* Exercise requirements
Could the records below be restated word for word, without a single picture?

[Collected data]
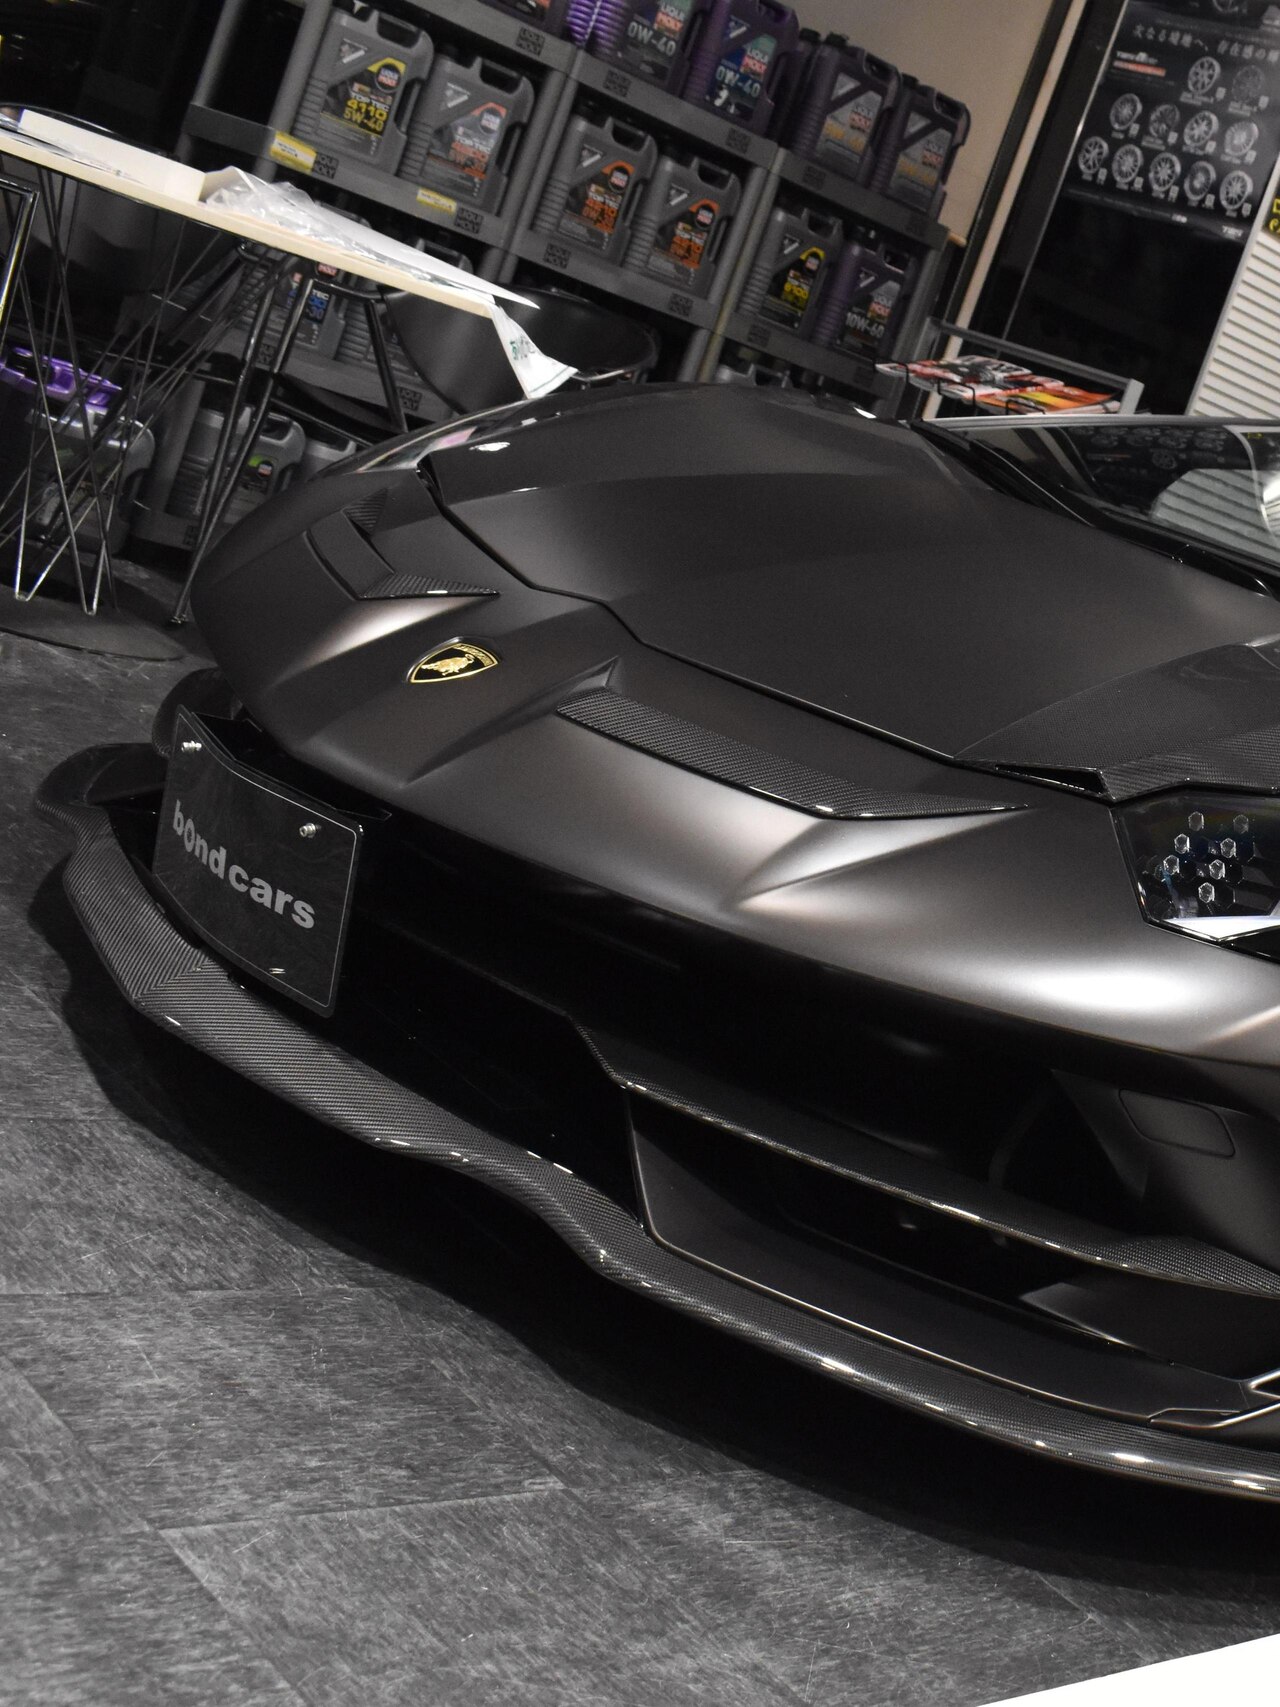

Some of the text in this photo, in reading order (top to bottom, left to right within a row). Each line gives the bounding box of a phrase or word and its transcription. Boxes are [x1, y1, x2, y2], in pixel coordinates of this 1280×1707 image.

[628, 21, 677, 57] 0W-40
[716, 66, 760, 98] 0W-40
[343, 107, 384, 132] 5W-40
[347, 99, 388, 122] 4110
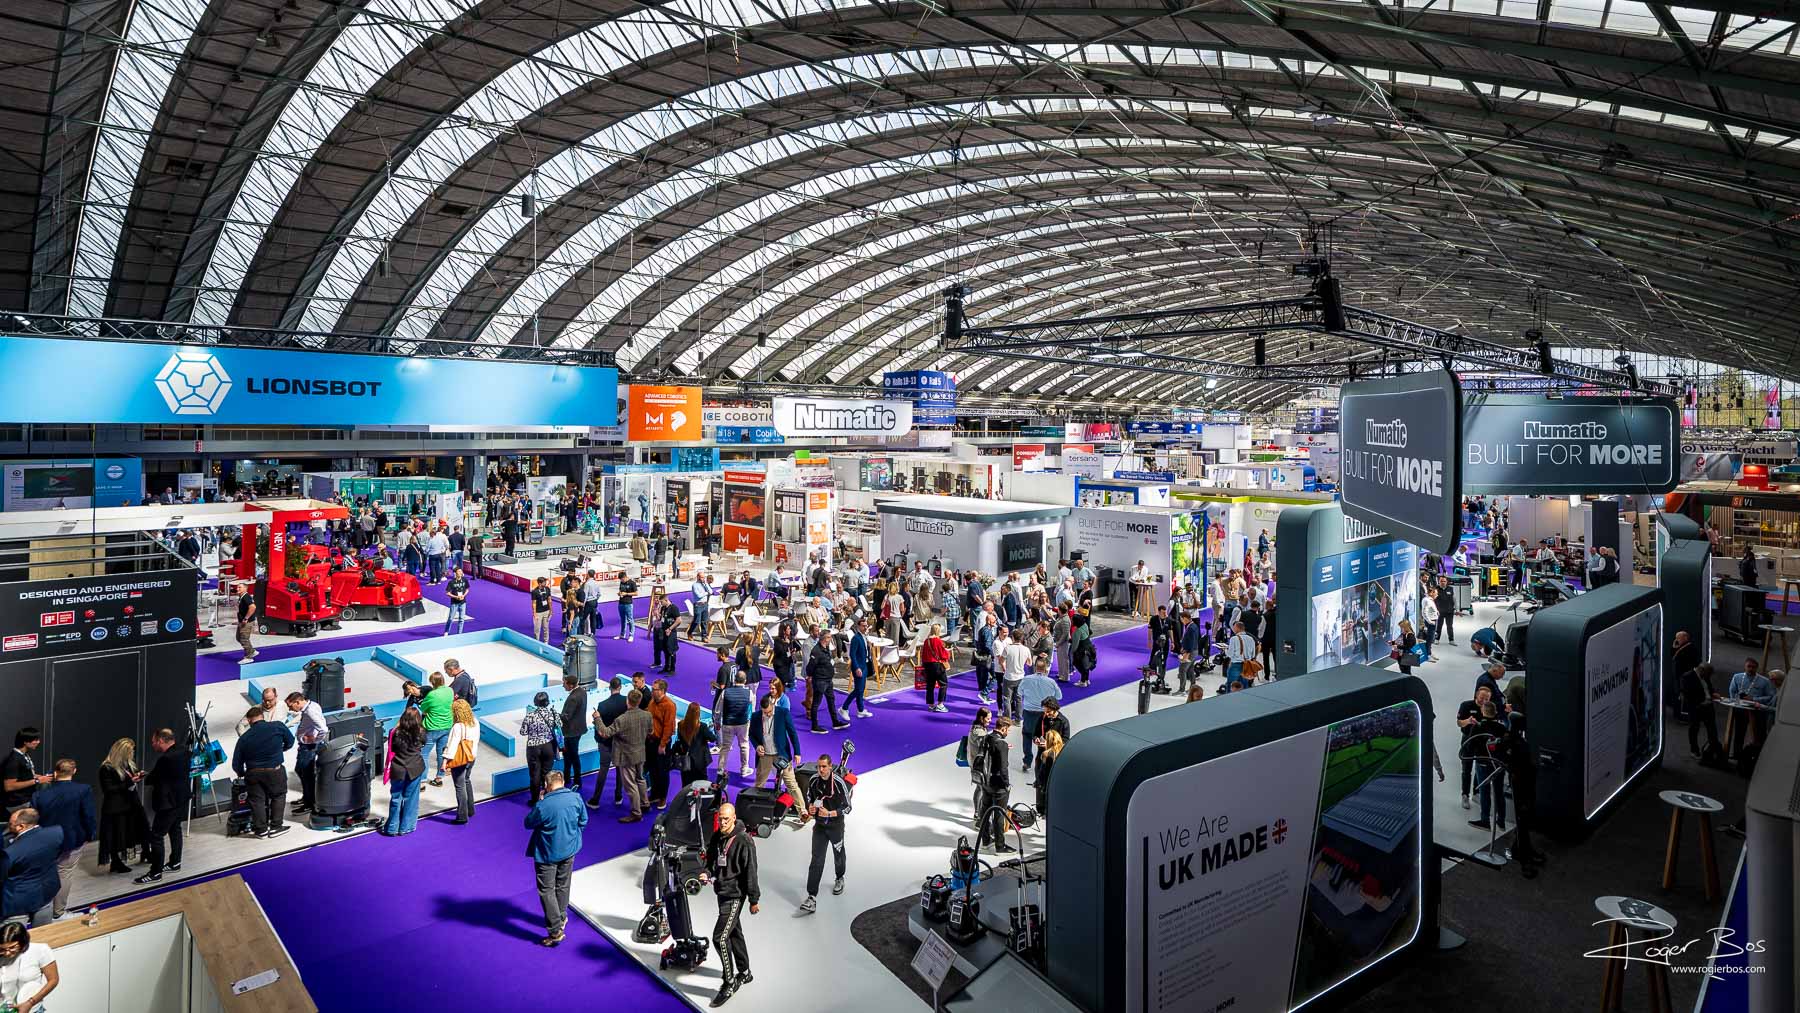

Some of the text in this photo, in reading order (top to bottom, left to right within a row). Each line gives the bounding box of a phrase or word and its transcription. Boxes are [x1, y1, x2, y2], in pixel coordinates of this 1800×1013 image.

[247, 378, 382, 397] LIONSBOT
[703, 412, 721, 421] ICE
[795, 403, 896, 431] Numatic
[1366, 418, 1408, 449] Numatic
[1524, 421, 1607, 440] Numatic
[1468, 444, 1662, 465] BUILT FOR MORE
[1345, 449, 1443, 498] BUILT FOR MORE
[905, 518, 954, 536] Numatic
[1079, 518, 1102, 529] BUILT
[1105, 520, 1124, 531] FOR
[1127, 522, 1158, 535] MORE
[274, 532, 283, 553] NEW
[597, 542, 619, 552] CLEAN!
[1010, 547, 1037, 561] MORE
[20, 580, 172, 600] DESIGNED AND ENGINEERED
[52, 592, 128, 606] IN SINGAPORE
[1592, 667, 1629, 703] INNOVATING
[1159, 815, 1229, 855] We Are
[1159, 824, 1268, 891] UK MADE
[1216, 997, 1235, 1013] MORE

* Result
Some of the text in this photo, in reading order (top to bottom, left to right within a row). Each line gives the bounding box of a phrase or word and its transcription. Boxes are [x1, y1, x2, y2], in pixel coordinates of this 1280×1707 image.

[628, 21, 677, 57] 0W-40
[716, 66, 760, 98] 0W-40
[343, 107, 384, 132] 5W-40
[347, 99, 388, 122] 4110

Some of the text in this photo, in reading order (top to bottom, left to right within a row). Each line gives the bounding box of a phrase or word and its transcription. Boxes are [x1, y1, x2, y2], in pixel coordinates of this 1800×1013 image.

[247, 378, 382, 397] LIONSBOT
[703, 412, 721, 421] ICE
[795, 403, 896, 431] Numatic
[1366, 418, 1408, 449] Numatic
[1524, 421, 1607, 440] Numatic
[1468, 444, 1662, 465] BUILT FOR MORE
[1345, 449, 1443, 498] BUILT FOR MORE
[905, 518, 954, 536] Numatic
[1079, 518, 1102, 529] BUILT
[1105, 520, 1124, 531] FOR
[1127, 522, 1158, 535] MORE
[274, 532, 283, 553] NEW
[597, 542, 619, 552] CLEAN!
[1010, 547, 1037, 561] MORE
[20, 580, 172, 600] DESIGNED AND ENGINEERED
[52, 592, 128, 606] IN SINGAPORE
[1592, 667, 1629, 703] INNOVATING
[1159, 815, 1229, 855] We Are
[1159, 824, 1268, 891] UK MADE
[1216, 997, 1235, 1013] MORE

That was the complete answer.